Your answer should be the records again, unchanged in wording and free of images.

Image-backed grounding data:
────────────────

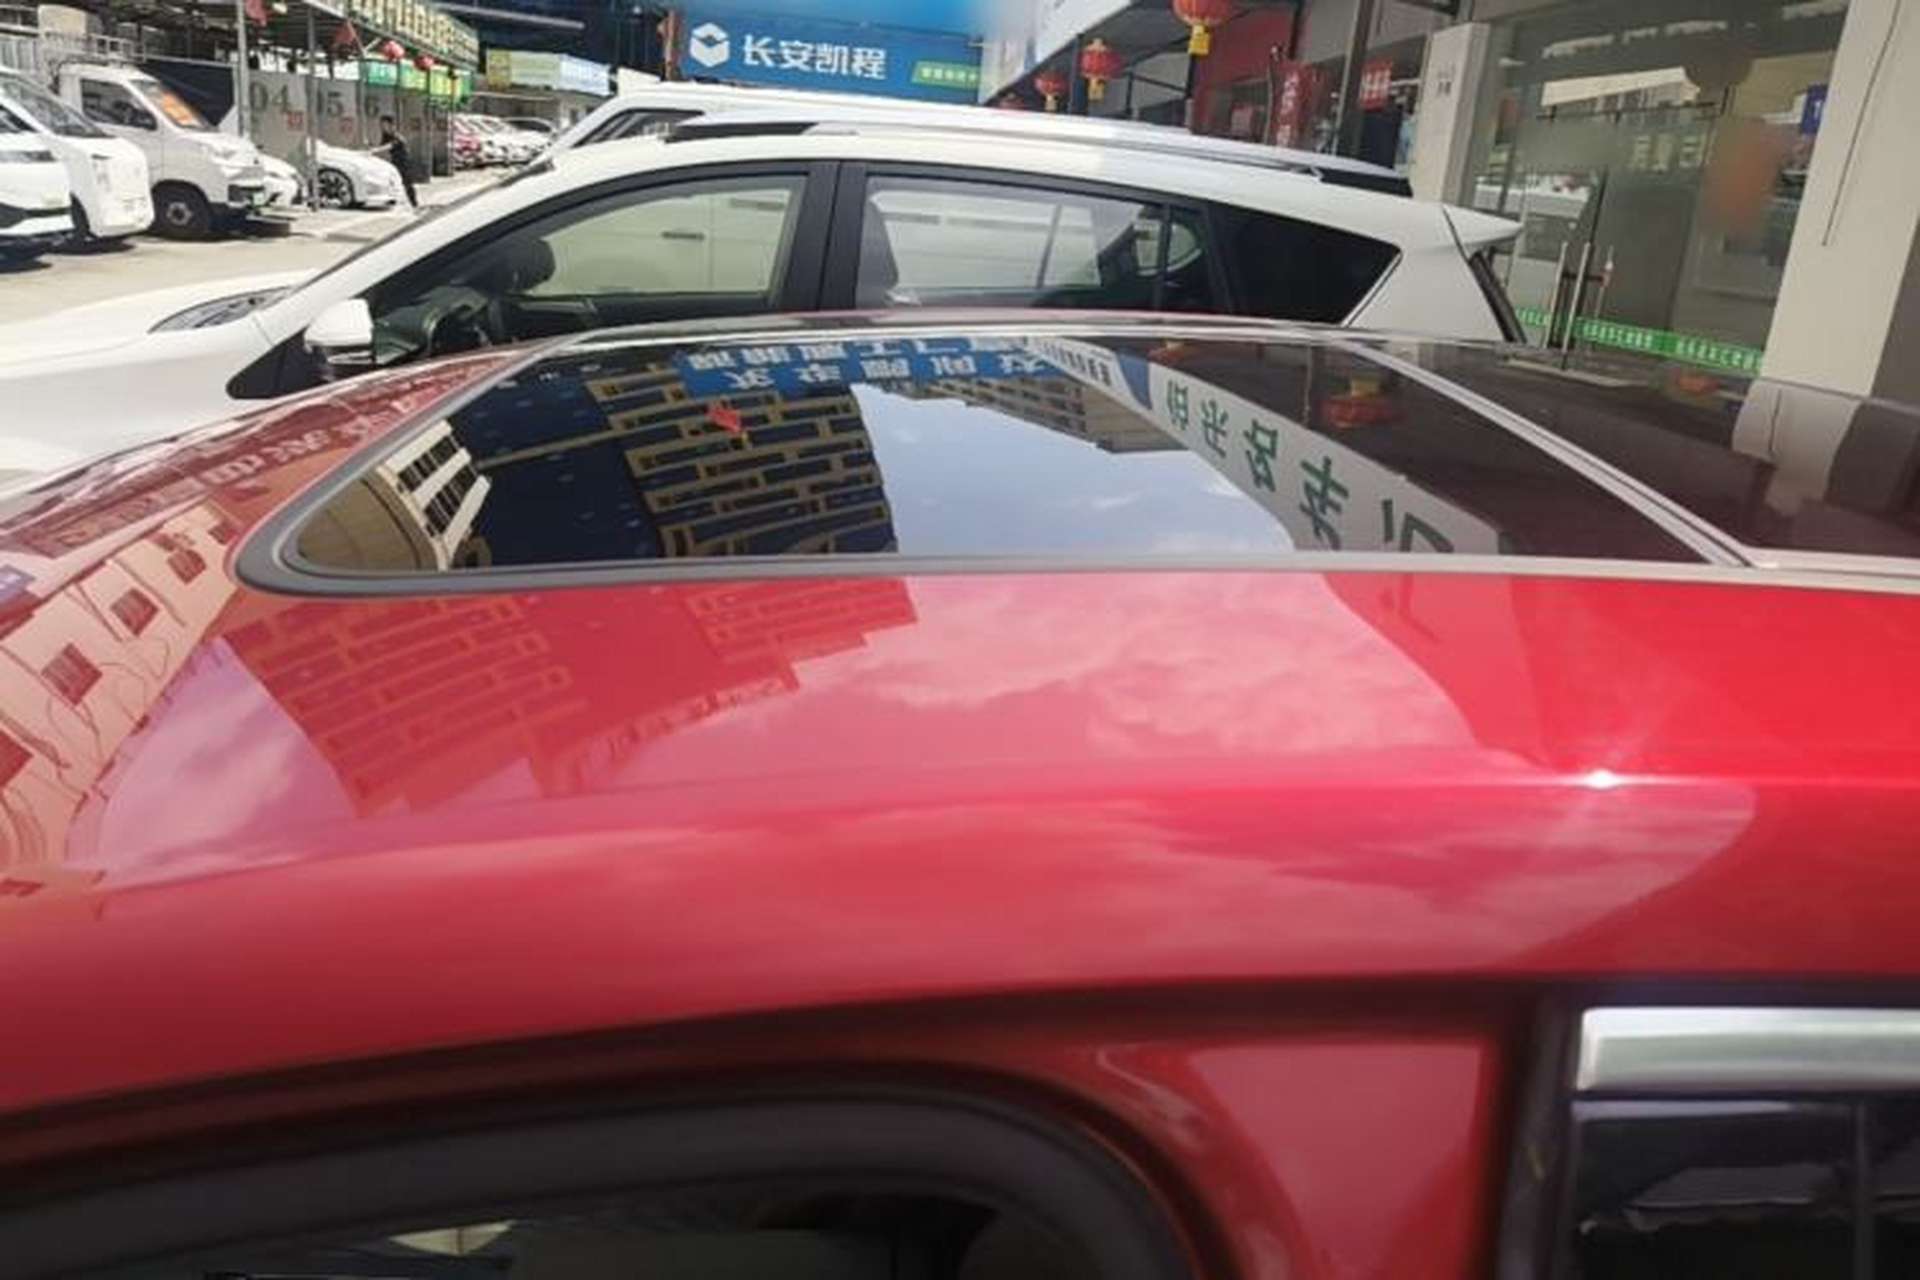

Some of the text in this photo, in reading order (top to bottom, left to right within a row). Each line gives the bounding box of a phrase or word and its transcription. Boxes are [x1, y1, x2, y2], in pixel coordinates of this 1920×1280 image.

[743, 35, 887, 81] 长安凯程
[249, 82, 289, 113] 04
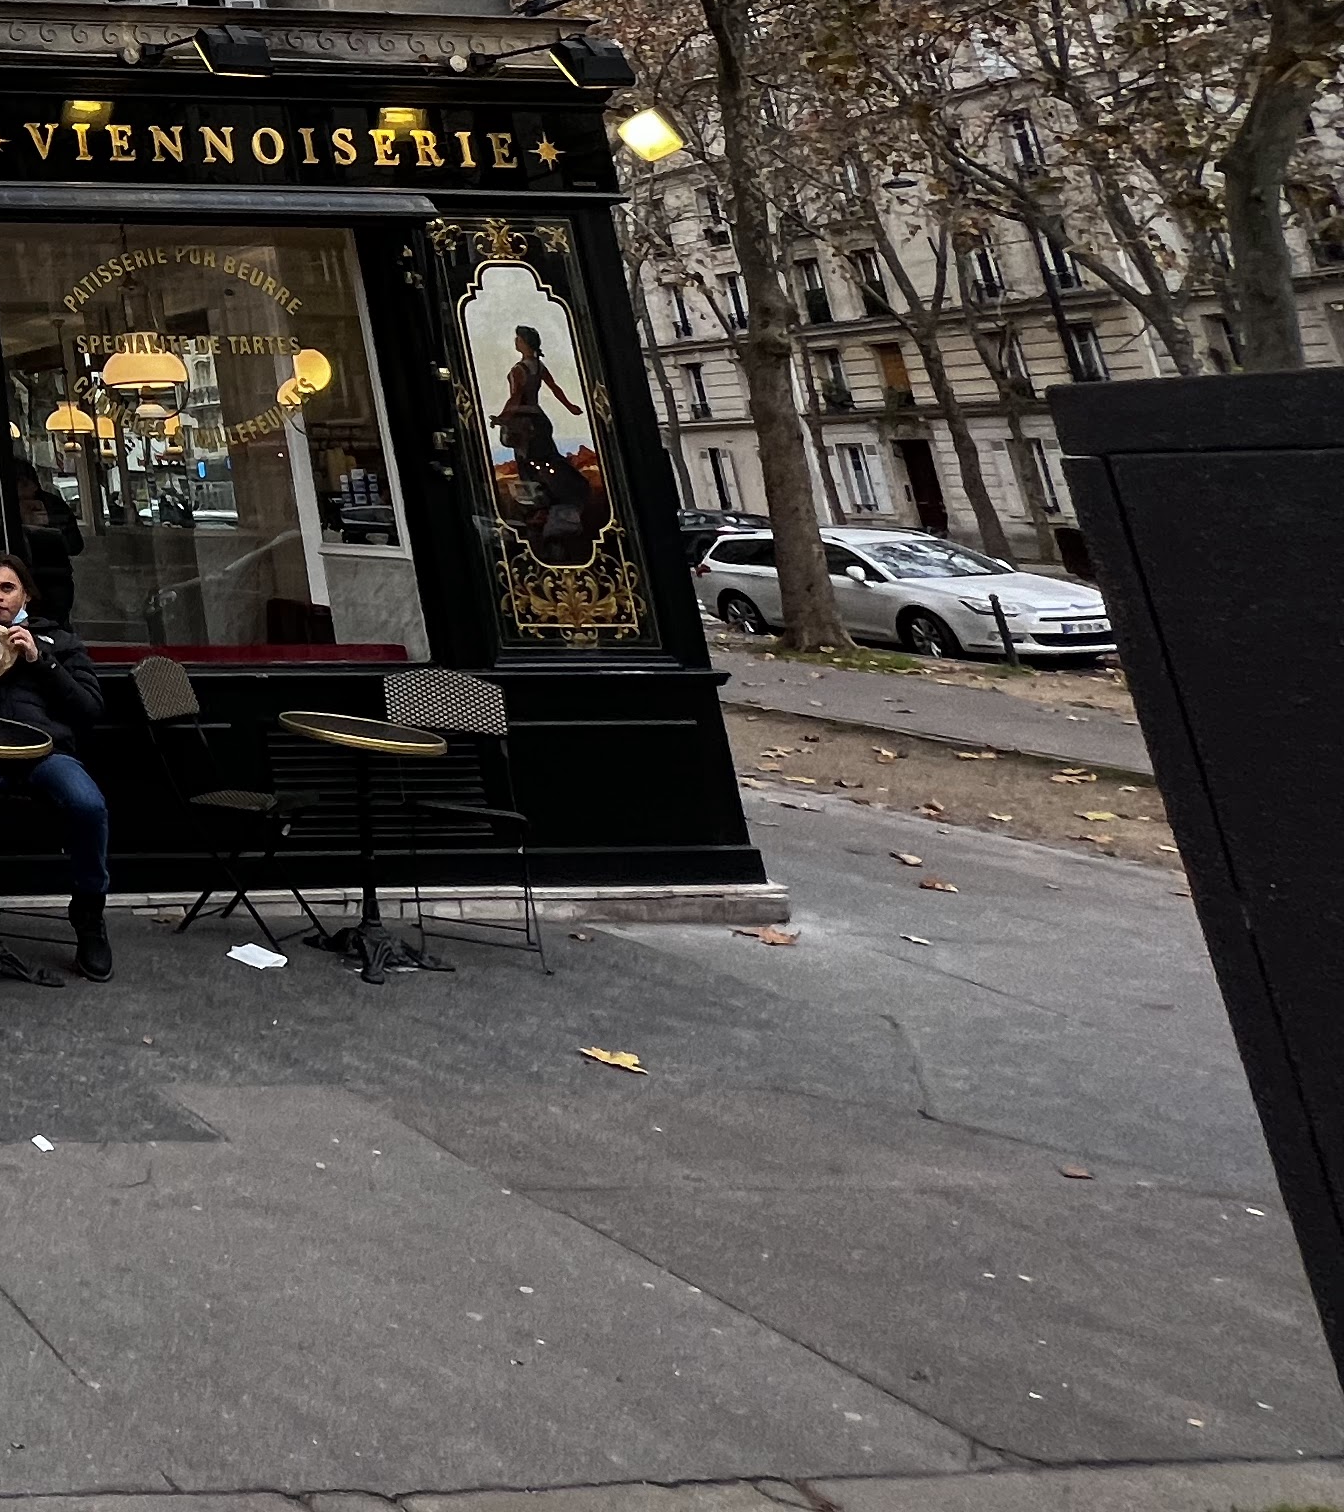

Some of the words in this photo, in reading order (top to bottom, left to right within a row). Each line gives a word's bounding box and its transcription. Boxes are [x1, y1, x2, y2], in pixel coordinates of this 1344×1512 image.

[23, 121, 518, 169] VIENNOISERIE
[175, 246, 216, 268] PUR
[223, 255, 303, 316] BEURRE
[196, 335, 221, 356] DE
[227, 335, 302, 356] TARTES

────────────────

- _Answer to this problem_
Some of the text in this photo, in reading order (top to bottom, left to right within a row). Each line gives the bounding box of a phrase or word and its transcription. Boxes are [x1, y1, x2, y2], in pixel coordinates of this 1920×1280 image.

[743, 35, 887, 81] 长安凯程
[249, 82, 289, 113] 04

Some of the words in this photo, in reading order (top to bottom, left to right within a row). Each line gives a word's bounding box and its transcription. Boxes are [x1, y1, x2, y2], in pixel coordinates of this 1344×1512 image.

[23, 121, 518, 169] VIENNOISERIE
[175, 246, 216, 268] PUR
[223, 255, 303, 316] BEURRE
[196, 335, 221, 356] DE
[227, 335, 302, 356] TARTES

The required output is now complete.